The contract, which focuses on keeping more patients out of hospital will see a “return to the old-fashioned values of family doctors”, Health Secretary Jeremy Hunt has said.

The renegotiated terms will also mean GPs have a responsibility to “monitor” the effectiveness of out-of-hours services used by all their patients.

“I think this is what GPs really want,” Mr Hunt told BBC Breakfast. “They became GPs because they want to deliver personal care that really looks after their patients. They didn't want to do all this box-ticking and bureaucracy and target-chasing.”

Plans to make GPs earnings public have also been announced today, with a working group set to look at how the information can best be released from 2015.

Mr Hunt told The Times: “The public will know what salaries GPs are taking home for NHS work. This will give the Government more confidence to hand more funds to GPs in future.”

GPs had previously been accused of adding pressure to A&E wards by being handed the option of giving up responsibility for out-of-hours care by sacrificing £6,000 a year in salary in their 2004 contract.

Mr Hunt said the new measures were the “first step in reversing” these “disastrous changes”.

“We can't do it all at once, it's a big, big change, but I think we need to start with these groups of people who are the most vulnerable,” he added.

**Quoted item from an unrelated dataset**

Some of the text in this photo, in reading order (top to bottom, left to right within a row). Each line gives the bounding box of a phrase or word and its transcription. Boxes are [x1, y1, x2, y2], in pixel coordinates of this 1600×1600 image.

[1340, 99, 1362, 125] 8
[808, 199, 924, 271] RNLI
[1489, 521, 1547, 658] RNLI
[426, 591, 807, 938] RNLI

There will be an “enhanced service” for patients with complex health needs aimed at avoiding unnecessarily admittance to hospital or A&E. Emergency care departments will have easier telephone access to GPs to decide whether or not a patient needs to be kept in.

New IT systems will be designed to improve the ability of patients to book appointments online and to access their summary medical record. Controversial proposals to digitise patient’s complete records have not been announced however.

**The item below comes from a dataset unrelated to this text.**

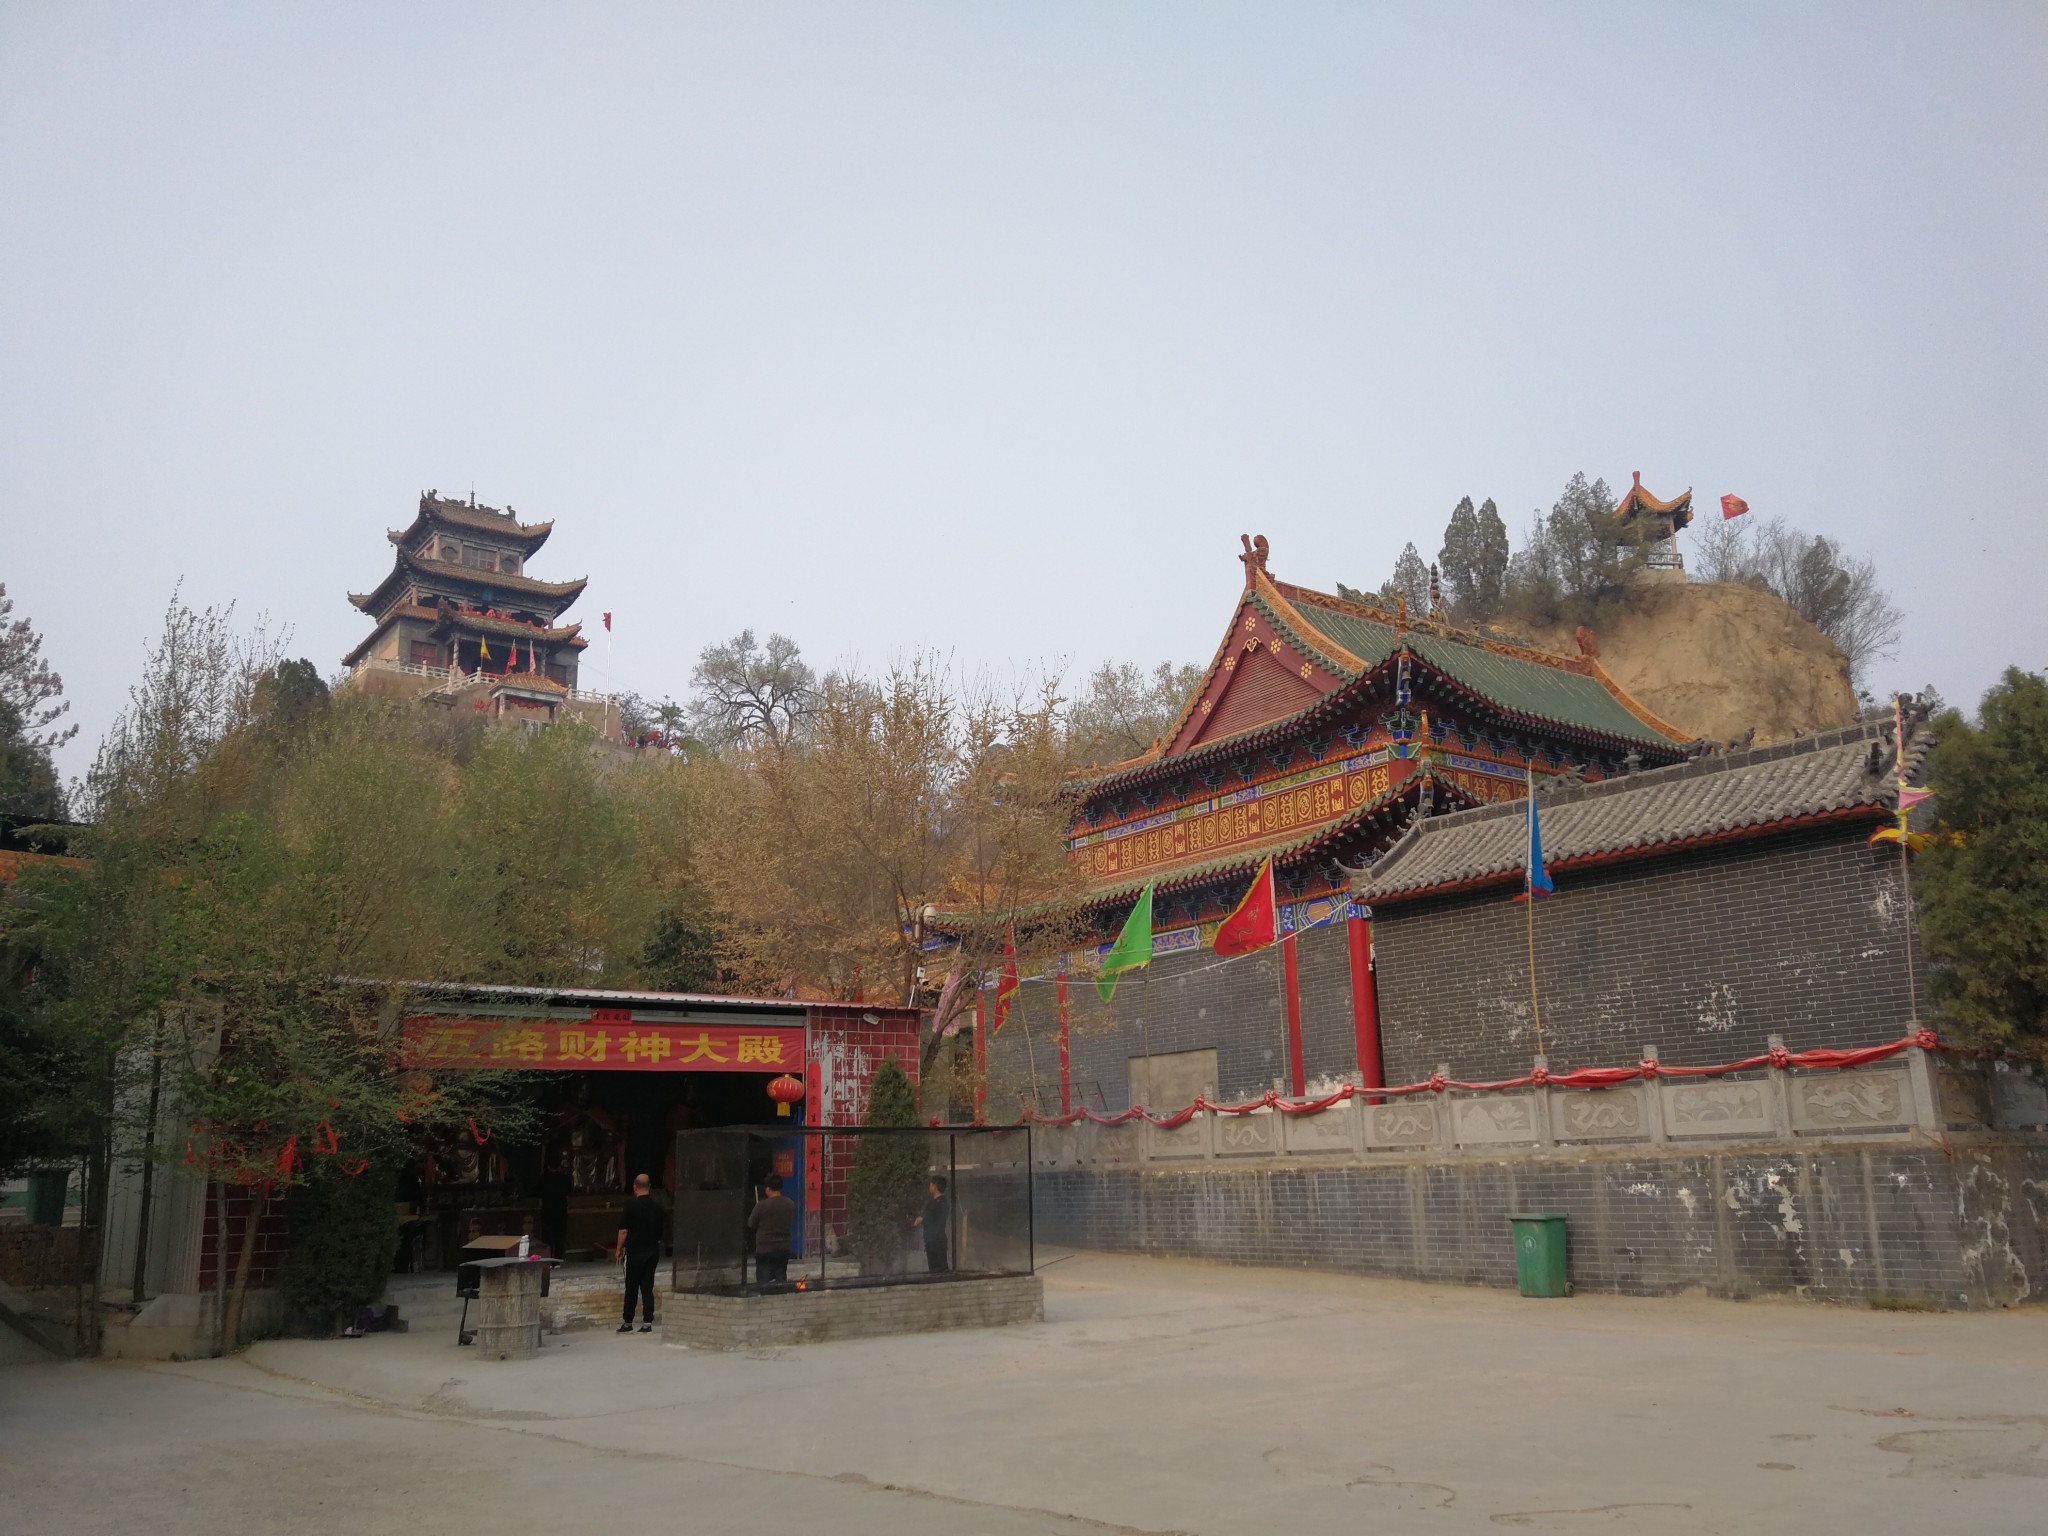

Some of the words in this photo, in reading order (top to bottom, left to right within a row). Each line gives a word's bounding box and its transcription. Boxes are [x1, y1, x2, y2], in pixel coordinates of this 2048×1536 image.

[427, 1028, 785, 1064] 五路财神大殿

Changes will see GPs freed from a number of “unnecessary targets and excessive paperwork”, according to the British Medical Association (BMA), which negotiated the changes with the Government.

Dr Chaand Nagpaul, chair of the BMA's GP committee, said the updated agreement would lead to benefits for patients.

“This will free up GPs to spend more time focusing on treating patients; mean that valuable resources will be reinvested in general practice to improve frontline care; and will encourage GPs to provide more personalised care for vulnerable patients at risk of hospital admission,” he said.

Dr Clare Gerada, chair of the Royal College of GPs, said: “This is welcome news for patients and for GPs as it will help us to get back to our real job of providing care where it is most needed, rather than more box-ticking.”

Shadow Health Secretary Andy Burnham said: “No amount of spin can hide the fact that David Cameron has made it harder to get a GP appointment. There is nothing in this new contract to correct that.”

“David Cameron cut Labour's scheme of evening and weekend opening and the guarantee of seeing a doctor within 48 hours. This announcement will not put an end to patients phoning the surgery at 9am and finding it impossible to get an appointment - many of whom, not happy with a phone consultation, will still turn to A&E.”